Fresh Vegetables and Staple Crops are Turning into Junk Food

Even when it’s plants, bigger is not necessarily better. (Wikimedia photo)

A small but growing number of beleaguered researchers is challenging the mightiest financial powers on earth to proclaim an increasingly obvious fact: worldwide pollution is robbing all growing crops of their nutritional value. It has been well known for a while — and argued vehemently by climate change deniers — that elevated levels of carbon dioxide pollution in the air stimulate the growth of plants. (“See?” the deniers said gleefully, “pollution is good for you!”) But what is now becoming apparent is that at the same time the carbon dioxide stimulates plant growth, it reduces plant nutrition.  More, it turns out, is not necessarily better. Who knew?

The man who is now the leading proponent of this idea, Irakli Loladze, is now at Bryan College of Health Sciences in Lincoln, Nebraska. He first stumbled on the concept in 1998 when he was a doctoral candidate at Arizona State University. He encountered some biology researchers who were finding that when they stimulated the growth of algae in a closed system, the zooplankton, the little critters that fed on the algae, did not flourish, but actually declined. Loladze desperately wanted to find out why, to see if the problem had wider implications, but there were two big problems.

First, nobody wants to hear about the limits of growth,or the problems associated with growth. Second, Loladze he was a mathematician, and as such was not entitled to know anything about biology. “It was year after year, rejection after rejection,” he said. The funders of mathematical research said there was too much biology in his proposals, and the funders of biological research said there was too much math. (If you didn’t know that the funding of scientific research is about as rational and helpful as the funding of political candidates, I’ll give you a moment here to breathe into a brown paper bag….)

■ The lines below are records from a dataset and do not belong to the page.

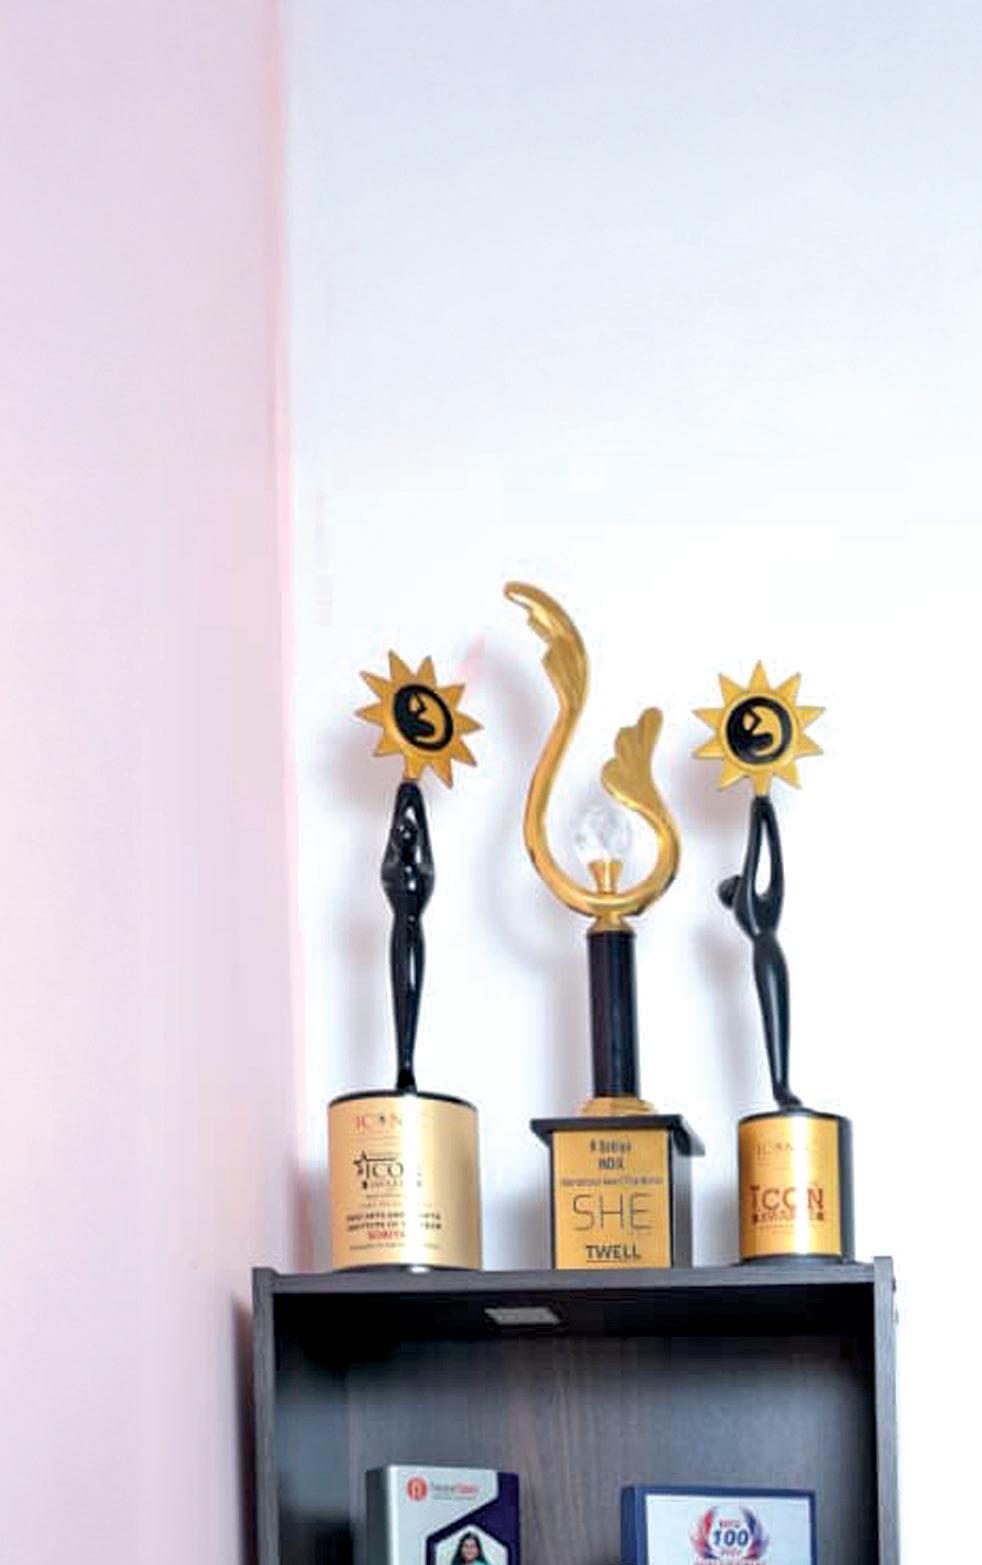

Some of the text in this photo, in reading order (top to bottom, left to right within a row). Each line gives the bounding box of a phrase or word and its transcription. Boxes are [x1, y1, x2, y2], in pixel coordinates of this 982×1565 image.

[573, 1193, 653, 1232] SHE
[585, 1244, 642, 1259] TWELL
[712, 1530, 749, 1547] 100
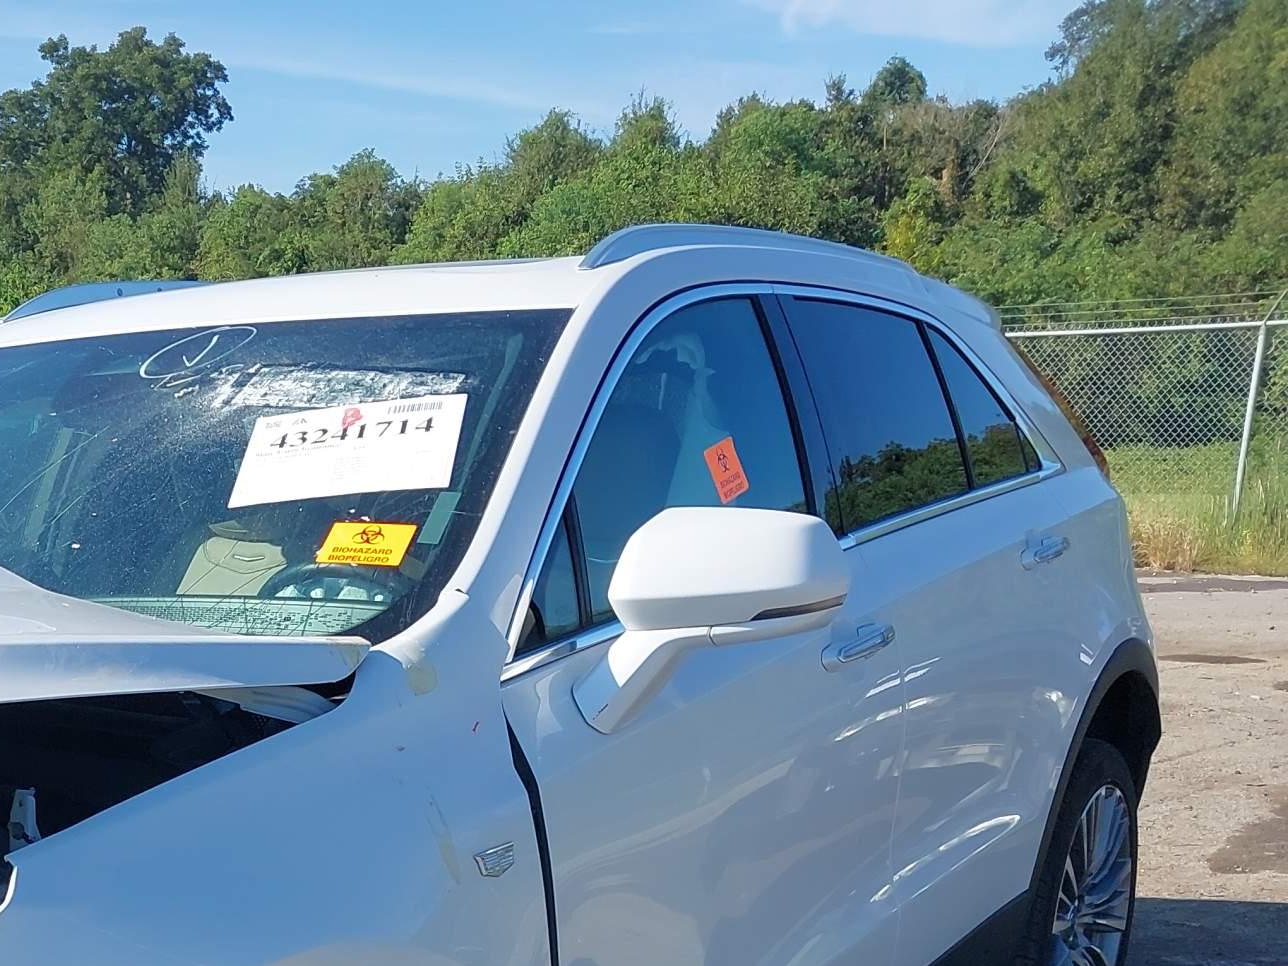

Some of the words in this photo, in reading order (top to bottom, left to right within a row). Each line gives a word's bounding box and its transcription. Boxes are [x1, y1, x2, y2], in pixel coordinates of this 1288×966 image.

[270, 416, 434, 449] 43241714
[332, 546, 392, 555] BIOHAZARD
[328, 554, 389, 563] BIOPELIGRO

Loladze was warned, but, as they say now, he persisted. He began to get funding, do research, and publish papers. Others, intrigued by what he was finding, joined in, even the U.S. Department of Agriculture (wait, does Donald know about this?). They have now pretty clearly established that during the past 30 years, 130 varieties of plants (the so-called C3 plants, most important to human diets) have lost eight per cent of their mineral nutrients and have started to produce more sugars (carbohydrates) and less protein. In other words, growing rice, corn, wheat and vegetables, organic or not, are slowly turning into junk food in the field, whether it’s an industrial field or a home garden plot. And these changes have tracked with the increase in carbon dioxide pollution in the atmosphere.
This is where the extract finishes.